┌────────
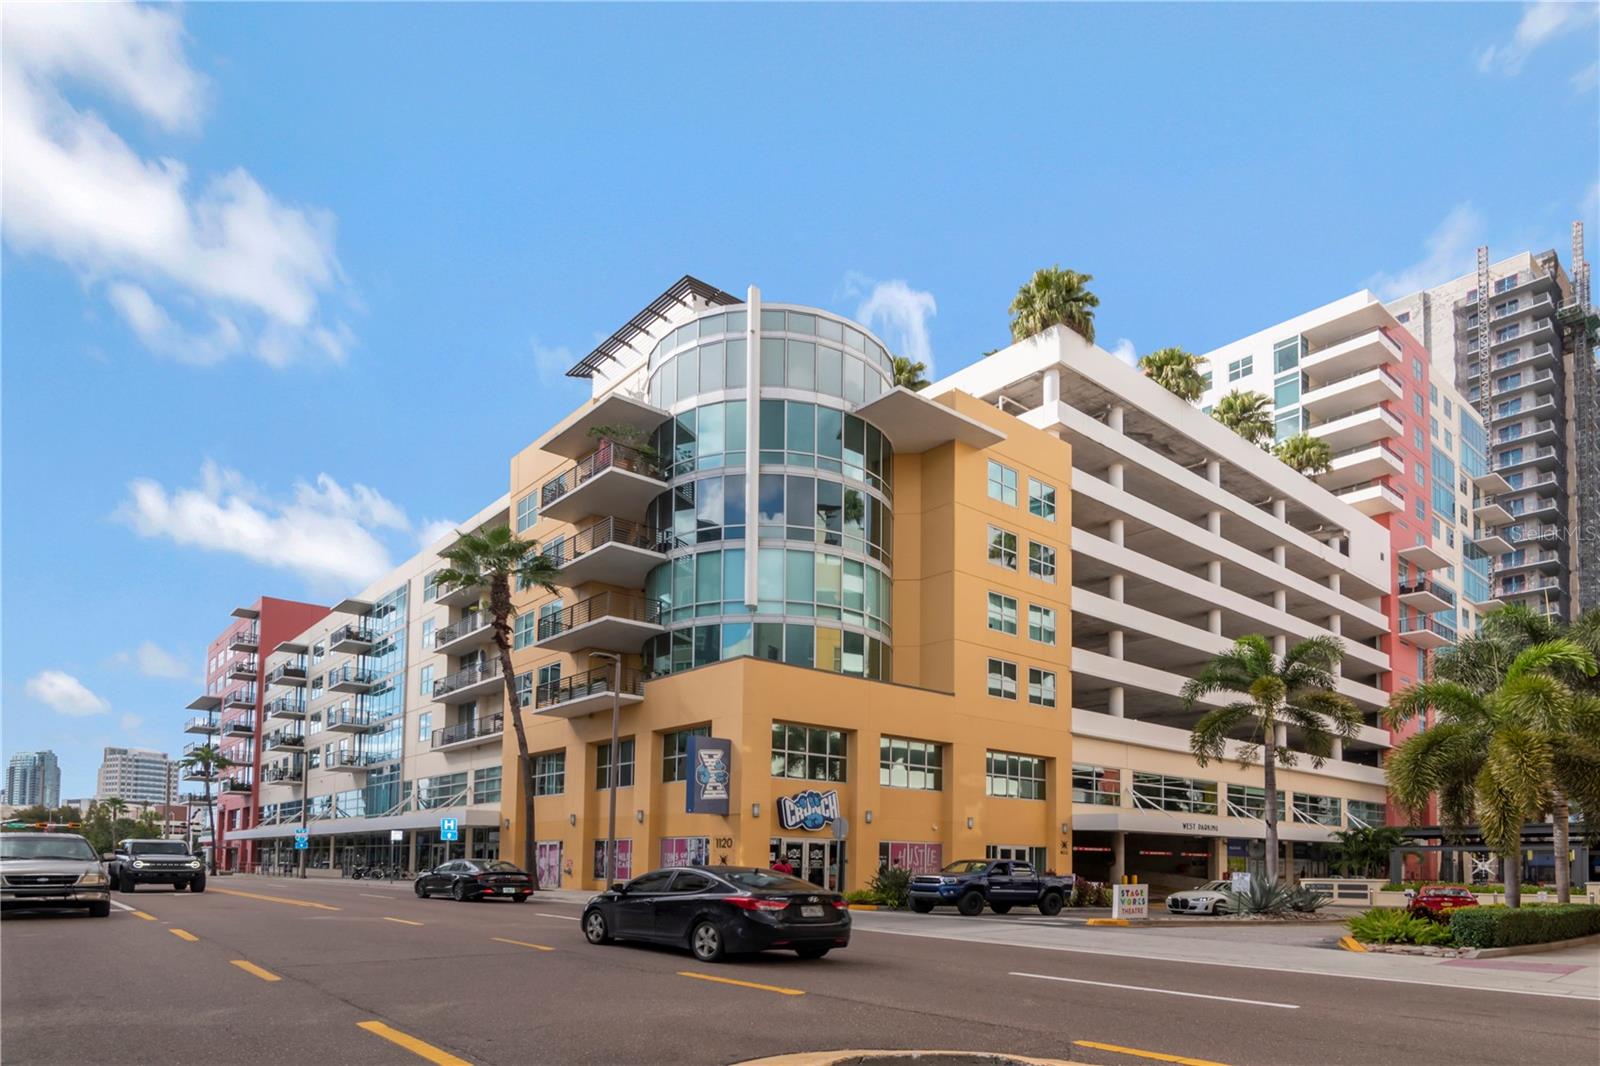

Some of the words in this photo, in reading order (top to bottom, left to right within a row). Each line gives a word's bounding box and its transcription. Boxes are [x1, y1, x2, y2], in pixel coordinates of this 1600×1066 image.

[444, 820, 455, 830] H
[715, 838, 733, 848] 1120
[898, 845, 938, 867] HUSTLE
[1121, 889, 1145, 897] STAGE
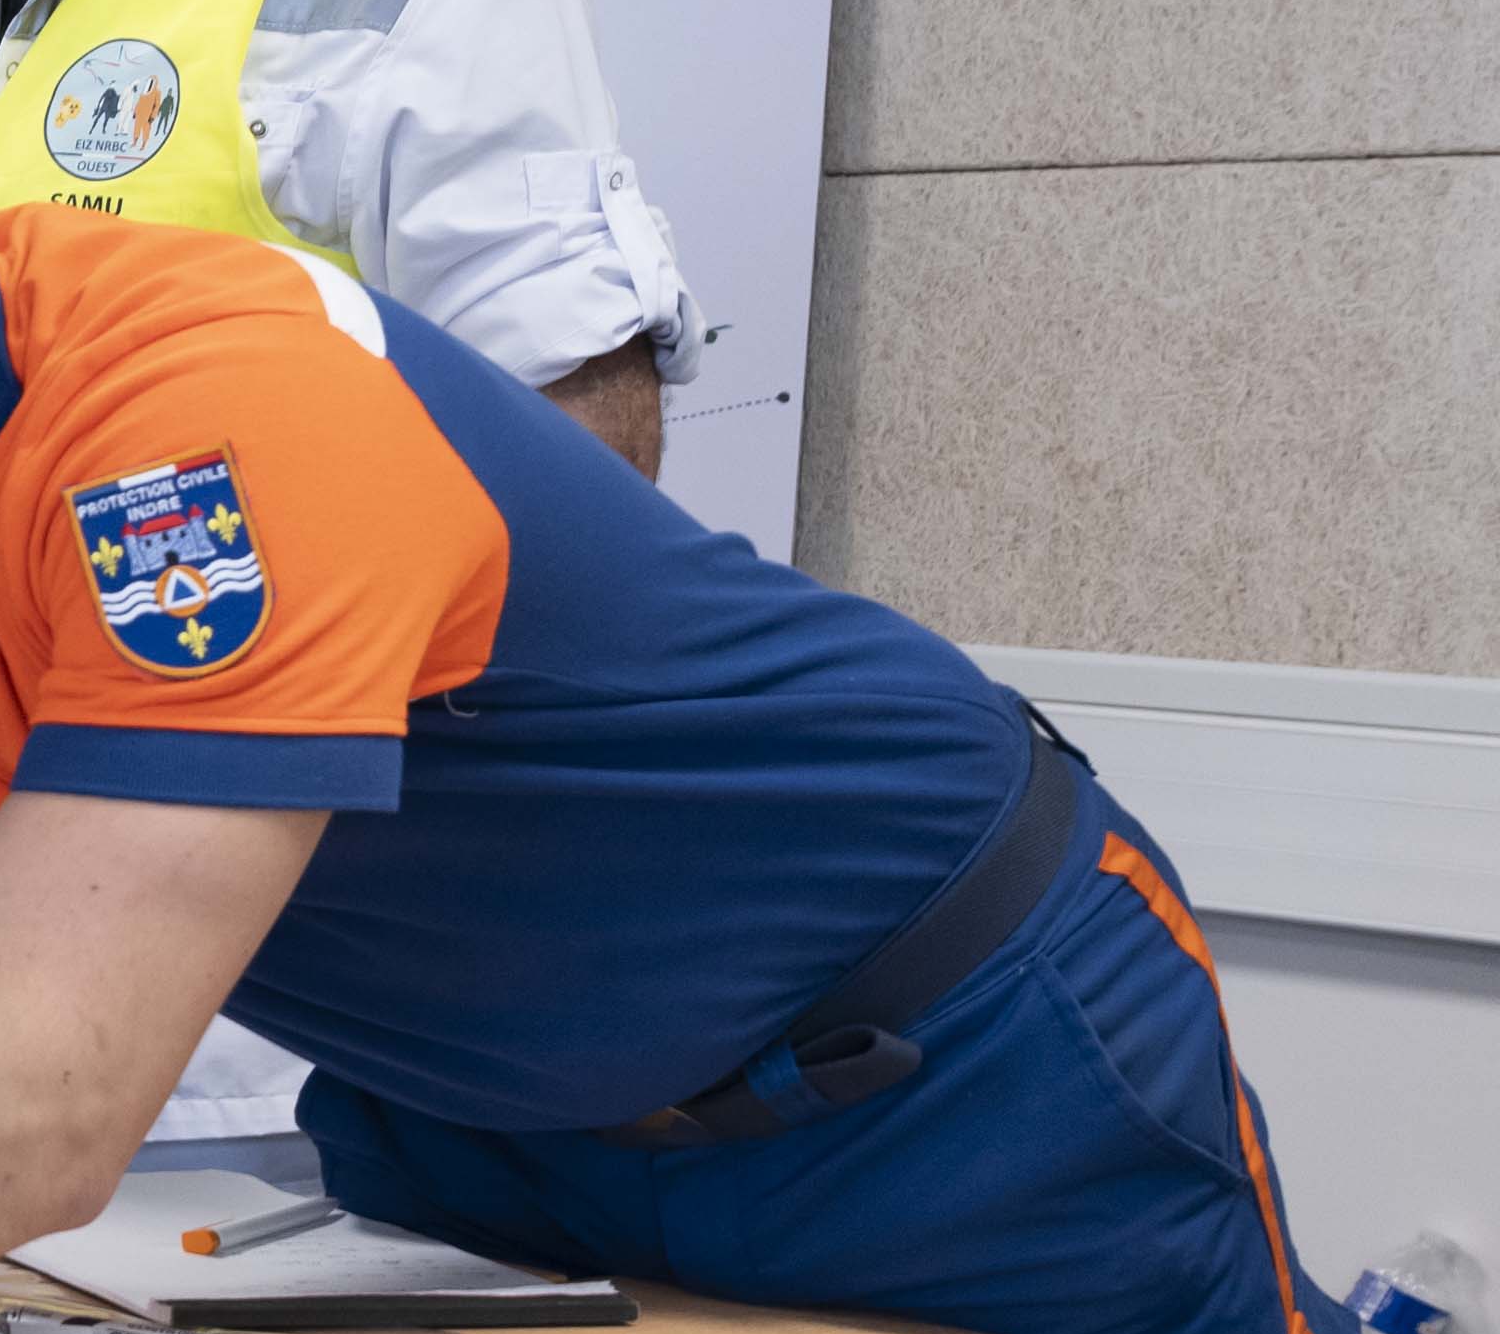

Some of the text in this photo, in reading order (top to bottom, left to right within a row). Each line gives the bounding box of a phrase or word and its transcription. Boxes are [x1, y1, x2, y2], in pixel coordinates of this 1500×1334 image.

[75, 138, 129, 153] EIZ NRBC
[77, 160, 117, 174] OUEST
[76, 464, 230, 519] PROTECTION CIVILE
[127, 495, 183, 522] INDRE
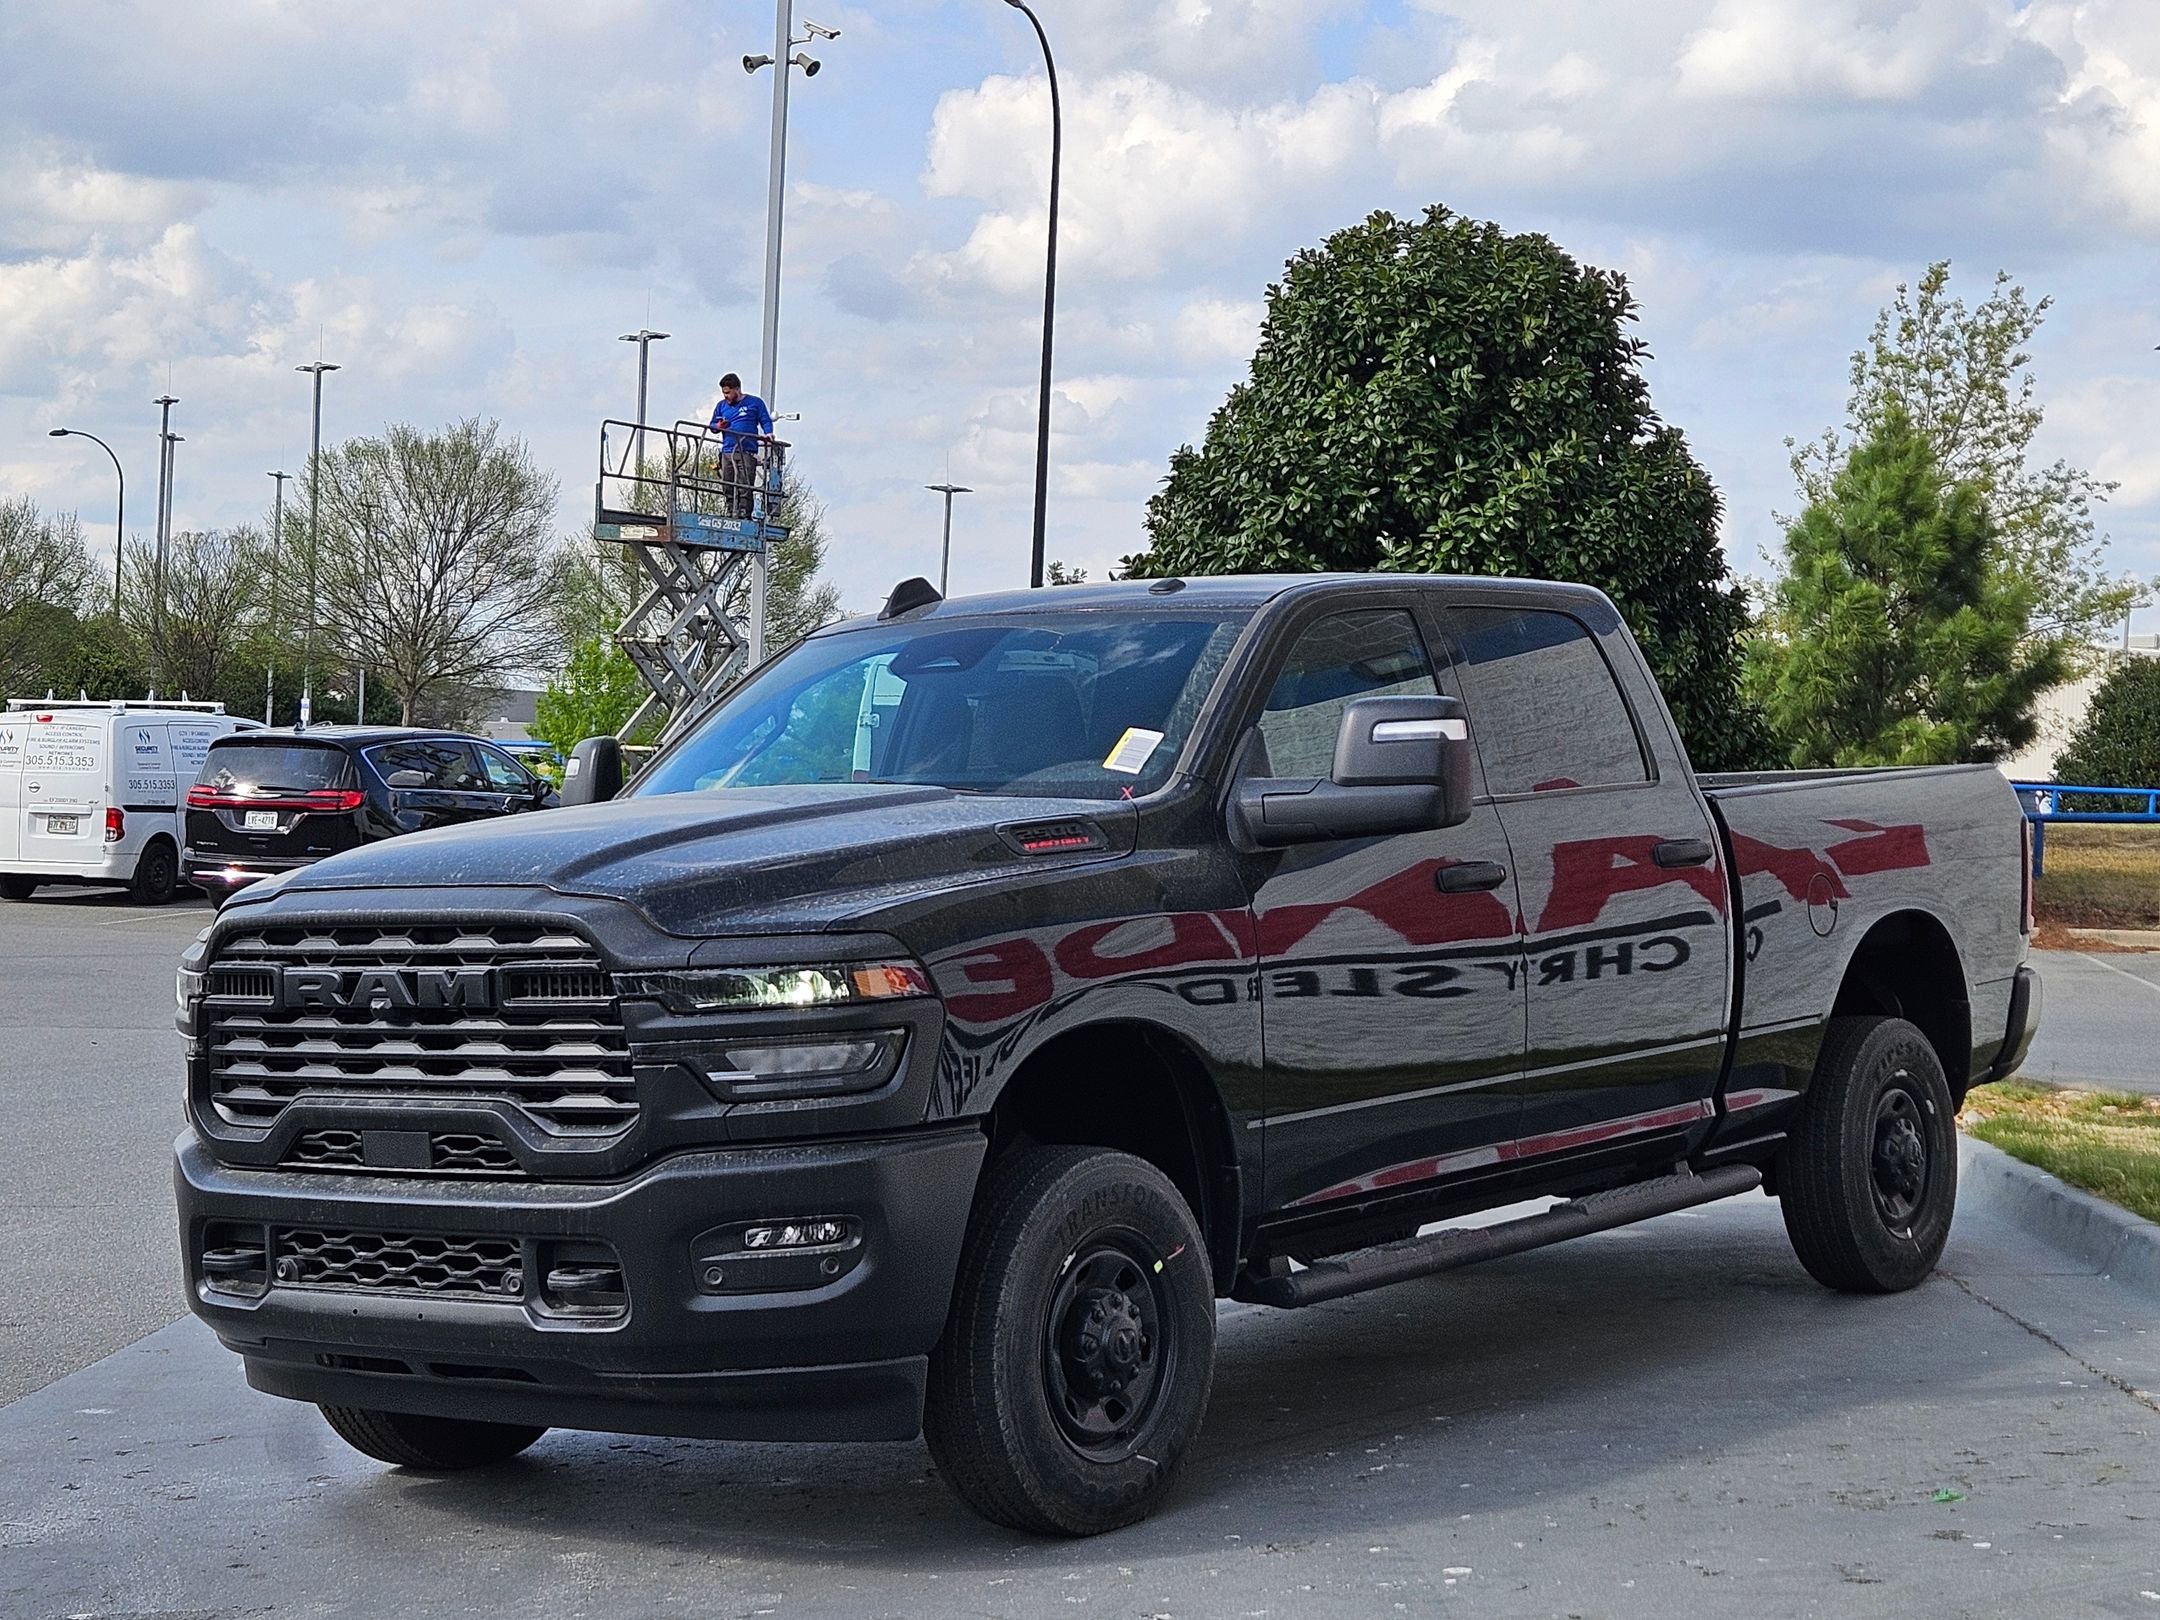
└────────
- Work task:
Begin with the line containing "Some of the text" and end with the last line of the material above; return exactly those lines, both ends included, and omit all pictures.

- Your solution:
Some of the text in this photo, in reading order (top to bottom, left to right within a row). Each line gives the bounding box of a phrase or word and its transcription. Boxes are [x1, y1, x2, y2], in pixel coordinates of this 1500×1334 image.

[75, 138, 129, 153] EIZ NRBC
[77, 160, 117, 174] OUEST
[76, 464, 230, 519] PROTECTION CIVILE
[127, 495, 183, 522] INDRE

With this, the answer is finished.